While some tenets of hacker ethic were described in other texts like Computer Lib/Dream Machines (1974) by Theodor Nelson, Levy appears to have been the first to document and historicize both the philosophy and the founders of the philosophy.

Levy explains that MIT housed an early IBM 704 computer inside the Electronic Accounting Machinery (EAM) room in 1959. This room became the staging grounds for early hackers as MIT students from the Tech Model Railroad Club stole inside the EAM room after hours to attempt programming the 30 tonne, 9-foot-tall (2.7 m) computer.
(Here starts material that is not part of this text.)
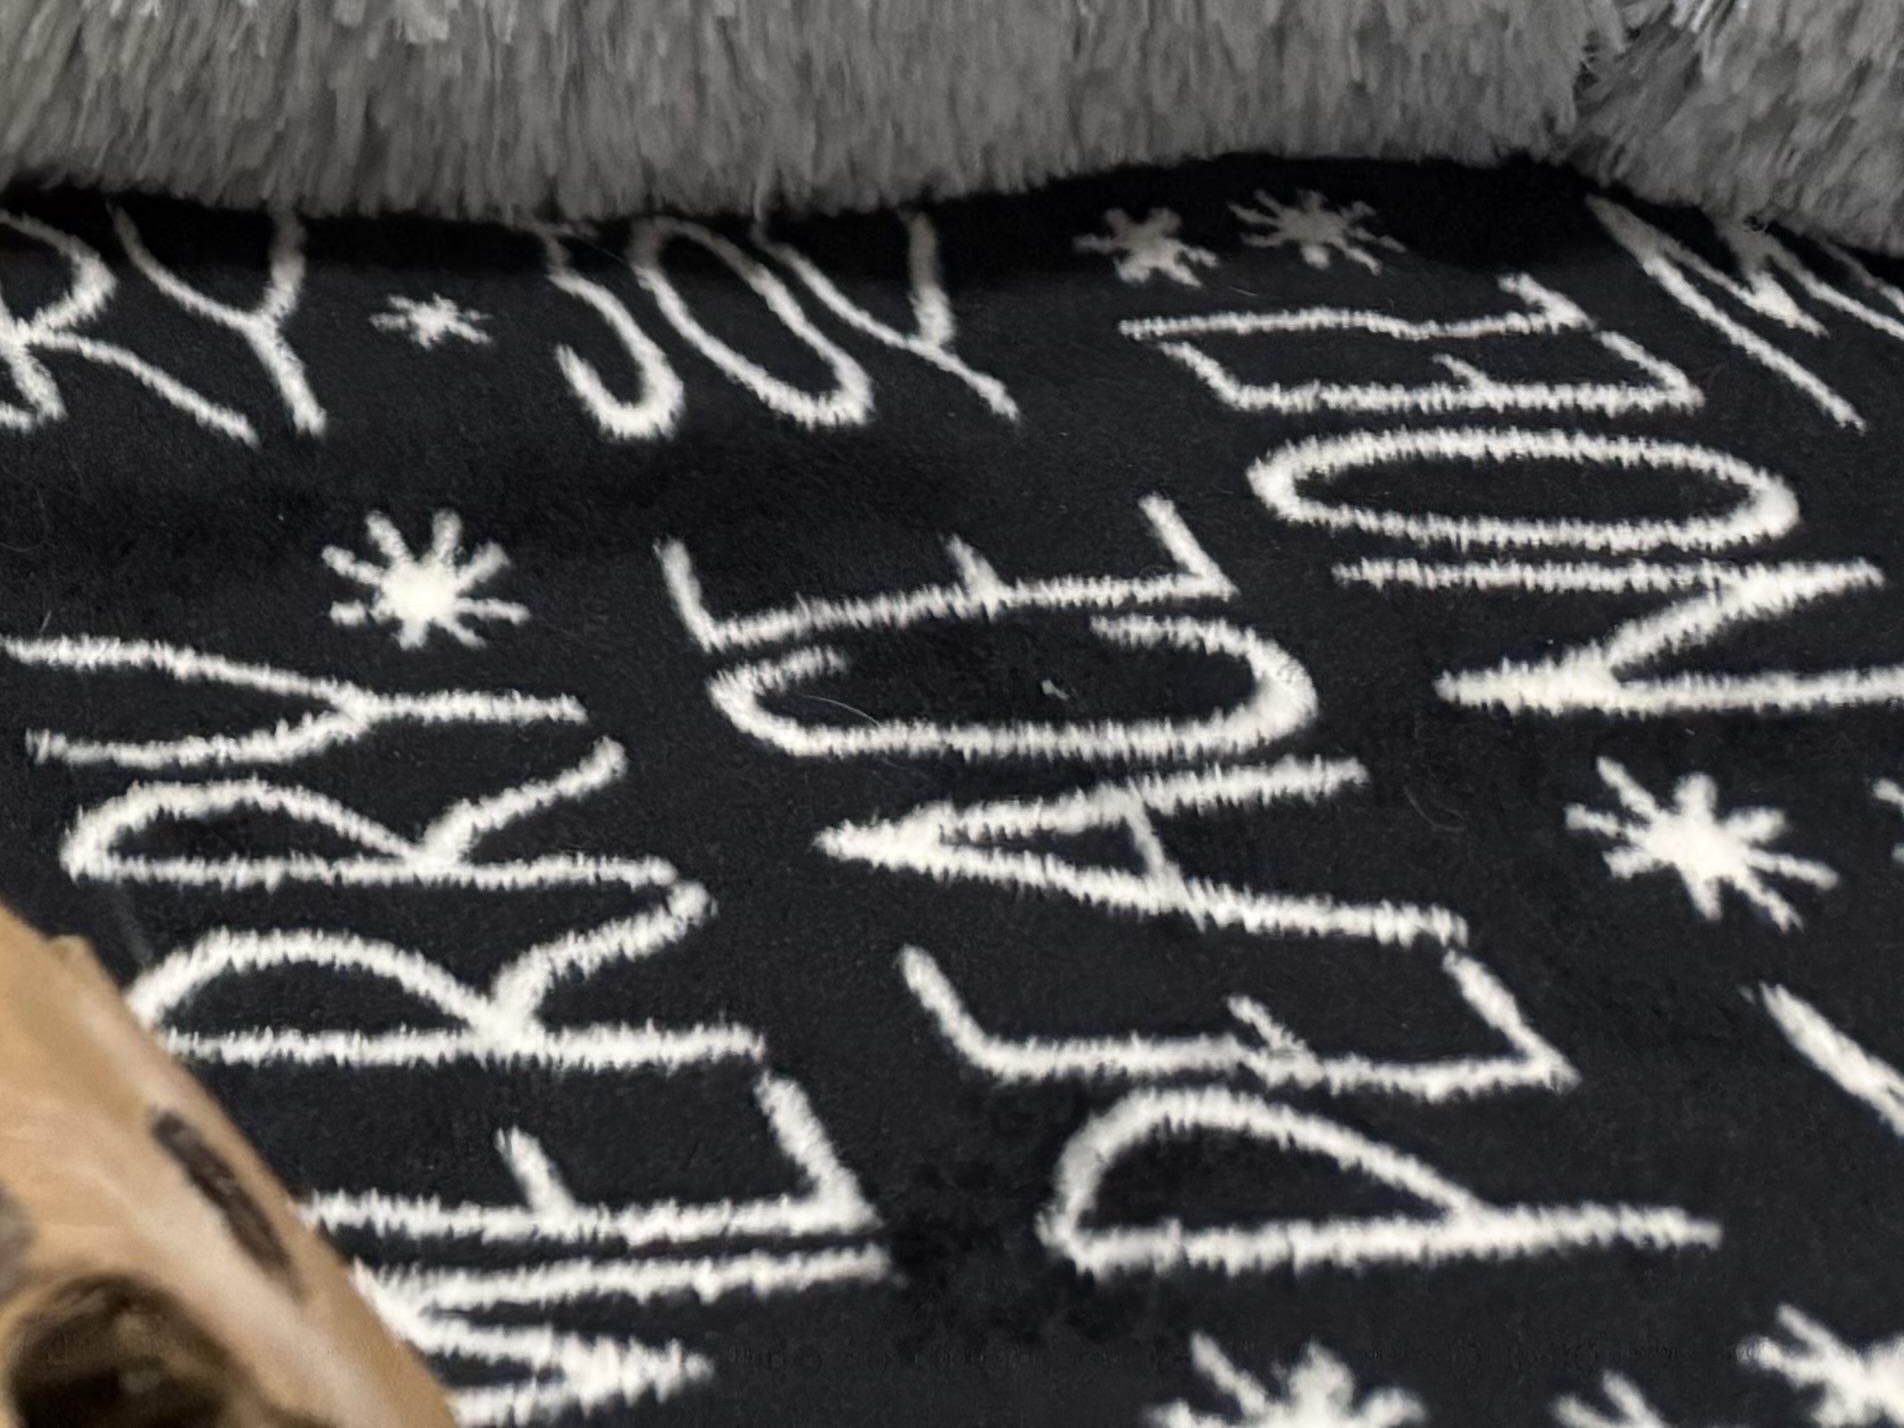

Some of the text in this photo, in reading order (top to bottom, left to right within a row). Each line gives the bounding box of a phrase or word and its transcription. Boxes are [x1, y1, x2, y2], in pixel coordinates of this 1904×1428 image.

[502, 206, 1020, 442] JOY
[1118, 268, 1904, 718] NOEL
[656, 494, 1724, 1276] PEACE
The boys defined a hack as a project undertaken or a product built not solely to fulfil some constructive goal, but with some wild pleasure taken in mere involvement.[1] The term “hack” arose from MIT lingo as the word had long been used to describe college pranks that MIT students would regularly devise. Hackers push programs beyond what they are designed to do. Levy notes that, at other universities, professors were making public proclamations that computers would never be able to beat a human being in chess. Hackers knew better. They would be the ones who would guide computers to greater heights than anyone expected.[2]

The Hacker Ethic was a “new way of life, with a philosophy, an ethic and a dream”. However, the elements of the Hacker Ethic were not openly debated and discussed, rather they were accepted and silently agreed upon.[3]

Free and open source software is the descendant of the hacker ethics that Levy described. The hackers who hold true to this hacker ethics—especially the Hands-On Imperative—are usually supporters of free software and/or open source software. This is because free and open source software allows hackers to access the code used to create the software to improve or reuse it. In effect the free and open source software movements embody all of the hacker ethics.[citation needed] However, Levy's hacker ethic also has often been quoted out of context and misunderstood to refer to hacking as in breaking into computers, and so many sources incorrectly imply that it is describing the ideals of white-hat hackers. What Levy is talking about, however, does not have anything to do with computer security.